20 мая (по ст. ст.) 1854 года фрегат подошел ко входу в Императорскую гавань. С обычной будничностью сообщает об этом писатель. Только за год до прихода «Паллады» эта бухта была открыта Николаем Бошняком, сподвижником Невельского. «Утро чудесное, море синее, как в тропиках, прозрачное. Тепло, хотя не так, как в тропиках, но однако ж, так, что в байковом пальто сносно ходить по палубе. Мы шли все ввиду берега. В полдень оставалось миль десять до места…» Но войти в тот день в бухту не удалось. Густой туман, а потом налетевший ветер задержали корабль в море. Какой простор для романтической картины морской бури у родных берегов! Но Гончаров всюду верен духу анализа, реалистическим традициям. Его картина бури чем-то напоминает картину бурана в степи в «Капитанской дочке» Пушкина. «„Вот за этим мысом должен быть вход, — говорит дед, — надо только обогнуть его. — Право! Куда лево кладешь?“ — прибавил он, обращаясь к рулевому. Минут через десять кто-то пришел снизу. „Где вход?“ — спросил вновь пришедший. „Да вот мыс…“ — хотел показать дед. Глядь, а мыса нет. „Что за чудо? Где же он? Сию минуту был“, — говорил он. „Марсо-фалы отдать!“ — закричал вахтенный. Порыв ветра нагнал холод, дождь, туман, фрегат сильно накренило — и берегов как не бывало…»

Только 22 мая, к вечеру, фрегат вошел в гавань. Гончаров дает живую и точную зарисовку этих мест: «…Мы входили в широкие ворота гладкого бассейна, обставленного крутыми, точно обрубленными берегами, поросшими непроницаемым для взгляда мелким лесом — сосен, берез, пихты, лиственницы.
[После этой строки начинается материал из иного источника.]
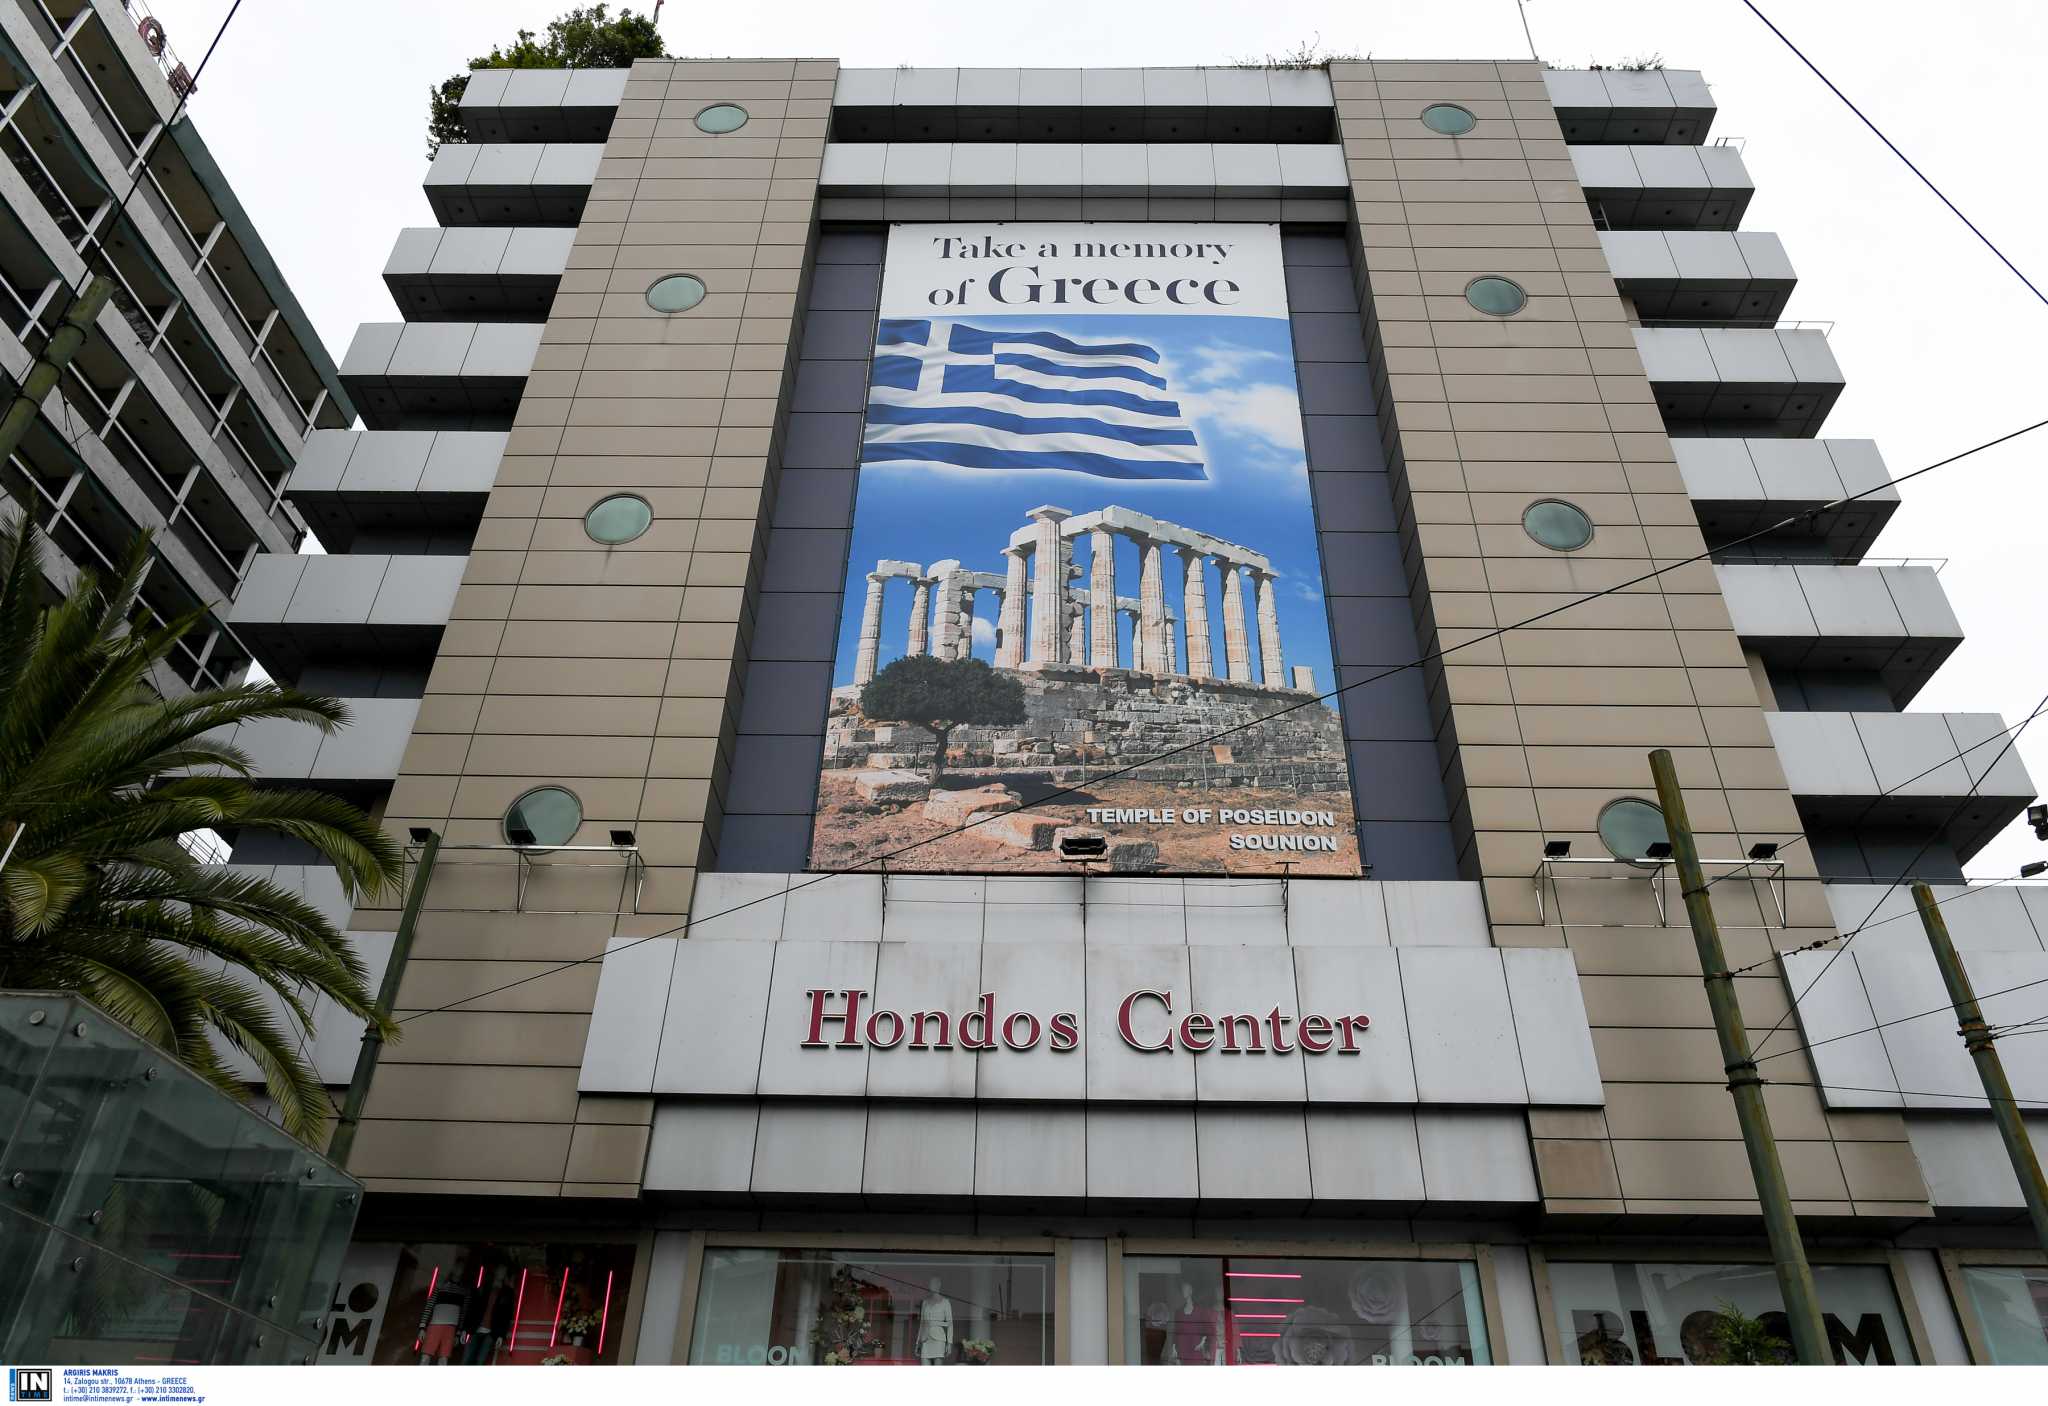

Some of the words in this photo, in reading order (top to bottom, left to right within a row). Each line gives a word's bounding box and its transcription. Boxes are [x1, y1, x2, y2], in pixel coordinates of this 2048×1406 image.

Нас охватил крепкий смоляной запах. Мы прошли большой залив и увидели две другие бухты, направо и налево, длинными языками вдающиеся в берега, а большой залив шел сам по себе еще мили на две дальше. Вода не шелохнется, воздух покоен, а в море, за мысами, свирепствует ветер».

Так в русскую литературу входил дальневосточный пейзаж с его корневыми приметами: «обрубленный берег», «смоляной запах тайги», туманы и ветра Тихого океана — все это запечатлено кистью большого художника.

Необжитый, суровый край рождает в душе писателя вопросы удивления и изумления: «Что это за край: где мы? Сам не знаю, да и никто не знает: кто тут бывал и кто пойдет в эту дичь и глушь?»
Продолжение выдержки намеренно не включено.